▶ **What the task requires**: Exactly transcribe the line that holds "this 1920×1282 image." and every remaining line of the records, up to and including the final one, with nothing else.

▶ **Material shown**:
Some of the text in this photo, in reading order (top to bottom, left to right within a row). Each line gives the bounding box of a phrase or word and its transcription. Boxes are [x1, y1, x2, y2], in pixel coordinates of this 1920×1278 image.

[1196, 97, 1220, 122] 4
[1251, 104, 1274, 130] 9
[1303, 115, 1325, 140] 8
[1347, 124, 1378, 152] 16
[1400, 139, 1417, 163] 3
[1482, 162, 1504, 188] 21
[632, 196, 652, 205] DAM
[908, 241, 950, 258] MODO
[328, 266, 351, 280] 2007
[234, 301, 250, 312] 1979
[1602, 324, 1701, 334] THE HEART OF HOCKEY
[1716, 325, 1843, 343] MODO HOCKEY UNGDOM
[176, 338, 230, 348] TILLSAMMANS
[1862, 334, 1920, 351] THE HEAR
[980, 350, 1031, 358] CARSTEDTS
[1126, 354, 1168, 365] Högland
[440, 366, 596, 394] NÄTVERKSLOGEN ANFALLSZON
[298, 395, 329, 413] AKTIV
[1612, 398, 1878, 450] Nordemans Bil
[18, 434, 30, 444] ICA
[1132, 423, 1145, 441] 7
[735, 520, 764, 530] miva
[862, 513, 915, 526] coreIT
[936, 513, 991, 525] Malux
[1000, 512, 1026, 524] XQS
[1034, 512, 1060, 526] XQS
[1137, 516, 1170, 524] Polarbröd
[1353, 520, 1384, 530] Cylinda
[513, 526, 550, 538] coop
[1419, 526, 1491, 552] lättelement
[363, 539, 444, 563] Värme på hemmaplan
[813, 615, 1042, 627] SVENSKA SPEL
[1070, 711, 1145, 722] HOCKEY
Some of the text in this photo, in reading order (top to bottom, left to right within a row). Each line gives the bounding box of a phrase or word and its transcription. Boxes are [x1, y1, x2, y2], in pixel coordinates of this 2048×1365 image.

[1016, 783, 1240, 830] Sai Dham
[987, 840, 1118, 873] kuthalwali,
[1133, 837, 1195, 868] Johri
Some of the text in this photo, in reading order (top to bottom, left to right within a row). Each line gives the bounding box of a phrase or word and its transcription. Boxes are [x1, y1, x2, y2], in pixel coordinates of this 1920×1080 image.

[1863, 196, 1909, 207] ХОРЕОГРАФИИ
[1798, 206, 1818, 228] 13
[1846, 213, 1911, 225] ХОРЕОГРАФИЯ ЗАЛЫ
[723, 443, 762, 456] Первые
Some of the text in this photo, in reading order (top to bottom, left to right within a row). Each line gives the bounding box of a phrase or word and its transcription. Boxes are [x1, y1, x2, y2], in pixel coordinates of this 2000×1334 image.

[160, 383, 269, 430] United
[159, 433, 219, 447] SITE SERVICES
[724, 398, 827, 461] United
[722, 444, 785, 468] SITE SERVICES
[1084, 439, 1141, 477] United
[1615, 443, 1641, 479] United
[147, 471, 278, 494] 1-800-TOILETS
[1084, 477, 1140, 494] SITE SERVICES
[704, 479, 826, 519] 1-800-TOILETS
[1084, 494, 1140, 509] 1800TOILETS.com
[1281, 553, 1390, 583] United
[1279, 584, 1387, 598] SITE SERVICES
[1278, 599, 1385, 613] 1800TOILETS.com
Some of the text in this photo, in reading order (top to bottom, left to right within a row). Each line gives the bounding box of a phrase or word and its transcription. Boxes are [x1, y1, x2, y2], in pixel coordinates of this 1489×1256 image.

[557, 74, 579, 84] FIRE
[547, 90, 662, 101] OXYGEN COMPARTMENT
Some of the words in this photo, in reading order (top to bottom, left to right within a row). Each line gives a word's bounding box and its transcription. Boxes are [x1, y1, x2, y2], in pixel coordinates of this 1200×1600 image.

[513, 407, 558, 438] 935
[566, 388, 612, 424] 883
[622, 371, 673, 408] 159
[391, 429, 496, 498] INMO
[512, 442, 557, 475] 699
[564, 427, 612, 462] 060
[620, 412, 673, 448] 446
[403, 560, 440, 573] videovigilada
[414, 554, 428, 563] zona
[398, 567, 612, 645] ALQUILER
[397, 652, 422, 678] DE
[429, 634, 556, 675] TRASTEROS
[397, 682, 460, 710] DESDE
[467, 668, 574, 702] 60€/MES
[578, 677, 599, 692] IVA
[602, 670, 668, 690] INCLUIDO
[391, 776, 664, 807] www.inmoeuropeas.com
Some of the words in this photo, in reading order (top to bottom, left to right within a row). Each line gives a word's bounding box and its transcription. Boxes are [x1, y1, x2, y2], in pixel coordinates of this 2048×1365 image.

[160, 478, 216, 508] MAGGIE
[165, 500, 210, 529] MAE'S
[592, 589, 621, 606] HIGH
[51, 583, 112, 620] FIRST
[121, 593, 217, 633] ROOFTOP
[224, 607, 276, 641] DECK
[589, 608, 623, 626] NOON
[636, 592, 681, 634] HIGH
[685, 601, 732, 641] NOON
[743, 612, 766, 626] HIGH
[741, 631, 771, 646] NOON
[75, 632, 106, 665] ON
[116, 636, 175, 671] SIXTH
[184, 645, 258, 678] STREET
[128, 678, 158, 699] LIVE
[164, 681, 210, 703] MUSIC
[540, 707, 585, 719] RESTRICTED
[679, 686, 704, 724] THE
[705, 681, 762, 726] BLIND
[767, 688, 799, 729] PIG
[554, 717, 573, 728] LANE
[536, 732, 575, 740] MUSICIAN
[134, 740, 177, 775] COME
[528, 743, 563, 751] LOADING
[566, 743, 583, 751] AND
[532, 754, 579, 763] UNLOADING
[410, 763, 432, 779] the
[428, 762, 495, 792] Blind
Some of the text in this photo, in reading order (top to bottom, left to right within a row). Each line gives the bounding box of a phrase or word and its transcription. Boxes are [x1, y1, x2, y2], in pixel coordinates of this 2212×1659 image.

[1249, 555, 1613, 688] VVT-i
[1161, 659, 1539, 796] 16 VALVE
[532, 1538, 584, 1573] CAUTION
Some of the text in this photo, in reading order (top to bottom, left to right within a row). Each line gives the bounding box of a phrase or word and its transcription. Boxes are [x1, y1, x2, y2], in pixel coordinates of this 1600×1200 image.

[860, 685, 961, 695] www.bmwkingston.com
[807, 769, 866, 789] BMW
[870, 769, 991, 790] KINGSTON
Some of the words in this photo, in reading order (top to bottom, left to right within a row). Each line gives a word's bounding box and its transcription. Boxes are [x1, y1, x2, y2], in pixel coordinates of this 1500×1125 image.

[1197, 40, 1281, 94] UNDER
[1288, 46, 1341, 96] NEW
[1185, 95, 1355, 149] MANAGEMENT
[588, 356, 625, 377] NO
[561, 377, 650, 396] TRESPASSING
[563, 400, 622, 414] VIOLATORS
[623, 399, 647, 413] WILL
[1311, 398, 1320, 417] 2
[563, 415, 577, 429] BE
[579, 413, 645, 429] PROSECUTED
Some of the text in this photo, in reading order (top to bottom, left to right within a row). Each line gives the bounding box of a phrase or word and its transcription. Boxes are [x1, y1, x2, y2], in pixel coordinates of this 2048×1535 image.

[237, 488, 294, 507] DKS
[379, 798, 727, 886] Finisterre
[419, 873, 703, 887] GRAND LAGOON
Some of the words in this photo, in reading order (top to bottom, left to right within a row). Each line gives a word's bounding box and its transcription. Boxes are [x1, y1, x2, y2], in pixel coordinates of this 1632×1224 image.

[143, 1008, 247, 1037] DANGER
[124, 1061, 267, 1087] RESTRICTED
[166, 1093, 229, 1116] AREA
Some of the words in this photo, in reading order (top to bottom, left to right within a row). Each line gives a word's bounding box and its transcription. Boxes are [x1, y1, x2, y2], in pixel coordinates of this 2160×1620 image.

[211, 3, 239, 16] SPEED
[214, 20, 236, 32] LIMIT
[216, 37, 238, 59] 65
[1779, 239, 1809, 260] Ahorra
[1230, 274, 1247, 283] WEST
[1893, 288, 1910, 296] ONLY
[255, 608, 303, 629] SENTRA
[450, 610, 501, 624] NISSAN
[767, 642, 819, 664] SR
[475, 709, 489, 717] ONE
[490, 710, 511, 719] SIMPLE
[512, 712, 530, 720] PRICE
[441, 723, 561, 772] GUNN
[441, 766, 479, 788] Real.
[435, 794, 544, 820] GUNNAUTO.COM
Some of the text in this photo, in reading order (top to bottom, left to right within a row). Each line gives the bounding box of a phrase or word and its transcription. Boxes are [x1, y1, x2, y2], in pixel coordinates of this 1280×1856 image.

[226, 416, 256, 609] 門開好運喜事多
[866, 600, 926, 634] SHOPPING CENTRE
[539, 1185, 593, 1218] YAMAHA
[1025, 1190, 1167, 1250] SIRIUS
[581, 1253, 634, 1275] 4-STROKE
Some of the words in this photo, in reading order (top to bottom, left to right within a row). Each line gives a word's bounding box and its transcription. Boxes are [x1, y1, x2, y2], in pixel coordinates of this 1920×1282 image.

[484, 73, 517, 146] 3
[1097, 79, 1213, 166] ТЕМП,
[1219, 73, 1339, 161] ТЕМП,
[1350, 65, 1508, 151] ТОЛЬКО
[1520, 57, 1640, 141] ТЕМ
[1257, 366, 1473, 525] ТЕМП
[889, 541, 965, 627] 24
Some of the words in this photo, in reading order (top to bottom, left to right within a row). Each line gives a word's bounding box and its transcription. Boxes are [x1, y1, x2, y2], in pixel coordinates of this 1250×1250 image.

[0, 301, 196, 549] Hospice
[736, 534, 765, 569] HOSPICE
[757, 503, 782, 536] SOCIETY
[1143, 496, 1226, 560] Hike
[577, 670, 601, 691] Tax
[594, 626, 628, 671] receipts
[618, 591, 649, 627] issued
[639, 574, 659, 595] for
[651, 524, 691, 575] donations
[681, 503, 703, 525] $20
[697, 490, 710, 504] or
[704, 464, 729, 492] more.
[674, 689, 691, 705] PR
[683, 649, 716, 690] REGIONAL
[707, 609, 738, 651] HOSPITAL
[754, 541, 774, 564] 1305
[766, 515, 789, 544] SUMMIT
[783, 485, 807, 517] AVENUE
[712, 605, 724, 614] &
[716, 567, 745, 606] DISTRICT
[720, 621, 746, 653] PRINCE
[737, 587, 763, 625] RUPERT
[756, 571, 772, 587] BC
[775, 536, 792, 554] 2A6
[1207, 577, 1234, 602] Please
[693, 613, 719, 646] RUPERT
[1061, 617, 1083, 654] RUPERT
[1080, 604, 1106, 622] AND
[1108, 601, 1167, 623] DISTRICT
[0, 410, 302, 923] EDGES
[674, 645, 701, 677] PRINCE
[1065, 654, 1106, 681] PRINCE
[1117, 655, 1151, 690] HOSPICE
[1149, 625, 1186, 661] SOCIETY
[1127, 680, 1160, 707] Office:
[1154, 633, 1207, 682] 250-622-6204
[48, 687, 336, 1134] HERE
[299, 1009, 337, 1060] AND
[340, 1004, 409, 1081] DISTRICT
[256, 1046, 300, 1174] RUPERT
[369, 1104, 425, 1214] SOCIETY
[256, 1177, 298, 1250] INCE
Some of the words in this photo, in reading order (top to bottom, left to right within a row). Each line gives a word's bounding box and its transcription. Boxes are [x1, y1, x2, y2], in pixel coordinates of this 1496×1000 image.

▶ **Output for this exercise**:
Some of the words in this photo, in reading order (top to bottom, left to right within a row). Each line gives a word's bounding box and its transcription. Boxes are [x1, y1, x2, y2], in pixel coordinates of this 1920×1282 image.

[484, 73, 517, 146] 3
[1097, 79, 1213, 166] ТЕМП,
[1219, 73, 1339, 161] ТЕМП,
[1350, 65, 1508, 151] ТОЛЬКО
[1520, 57, 1640, 141] ТЕМ
[1257, 366, 1473, 525] ТЕМП
[889, 541, 965, 627] 24
Some of the words in this photo, in reading order (top to bottom, left to right within a row). Each line gives a word's bounding box and its transcription. Boxes are [x1, y1, x2, y2], in pixel coordinates of this 1250×1250 image.

[0, 301, 196, 549] Hospice
[736, 534, 765, 569] HOSPICE
[757, 503, 782, 536] SOCIETY
[1143, 496, 1226, 560] Hike
[577, 670, 601, 691] Tax
[594, 626, 628, 671] receipts
[618, 591, 649, 627] issued
[639, 574, 659, 595] for
[651, 524, 691, 575] donations
[681, 503, 703, 525] $20
[697, 490, 710, 504] or
[704, 464, 729, 492] more.
[674, 689, 691, 705] PR
[683, 649, 716, 690] REGIONAL
[707, 609, 738, 651] HOSPITAL
[754, 541, 774, 564] 1305
[766, 515, 789, 544] SUMMIT
[783, 485, 807, 517] AVENUE
[712, 605, 724, 614] &
[716, 567, 745, 606] DISTRICT
[720, 621, 746, 653] PRINCE
[737, 587, 763, 625] RUPERT
[756, 571, 772, 587] BC
[775, 536, 792, 554] 2A6
[1207, 577, 1234, 602] Please
[693, 613, 719, 646] RUPERT
[1061, 617, 1083, 654] RUPERT
[1080, 604, 1106, 622] AND
[1108, 601, 1167, 623] DISTRICT
[0, 410, 302, 923] EDGES
[674, 645, 701, 677] PRINCE
[1065, 654, 1106, 681] PRINCE
[1117, 655, 1151, 690] HOSPICE
[1149, 625, 1186, 661] SOCIETY
[1127, 680, 1160, 707] Office:
[1154, 633, 1207, 682] 250-622-6204
[48, 687, 336, 1134] HERE
[299, 1009, 337, 1060] AND
[340, 1004, 409, 1081] DISTRICT
[256, 1046, 300, 1174] RUPERT
[369, 1104, 425, 1214] SOCIETY
[256, 1177, 298, 1250] INCE
Some of the words in this photo, in reading order (top to bottom, left to right within a row). Each line gives a word's bounding box and its transcription. Boxes are [x1, y1, x2, y2], in pixel coordinates of this 1496×1000 image.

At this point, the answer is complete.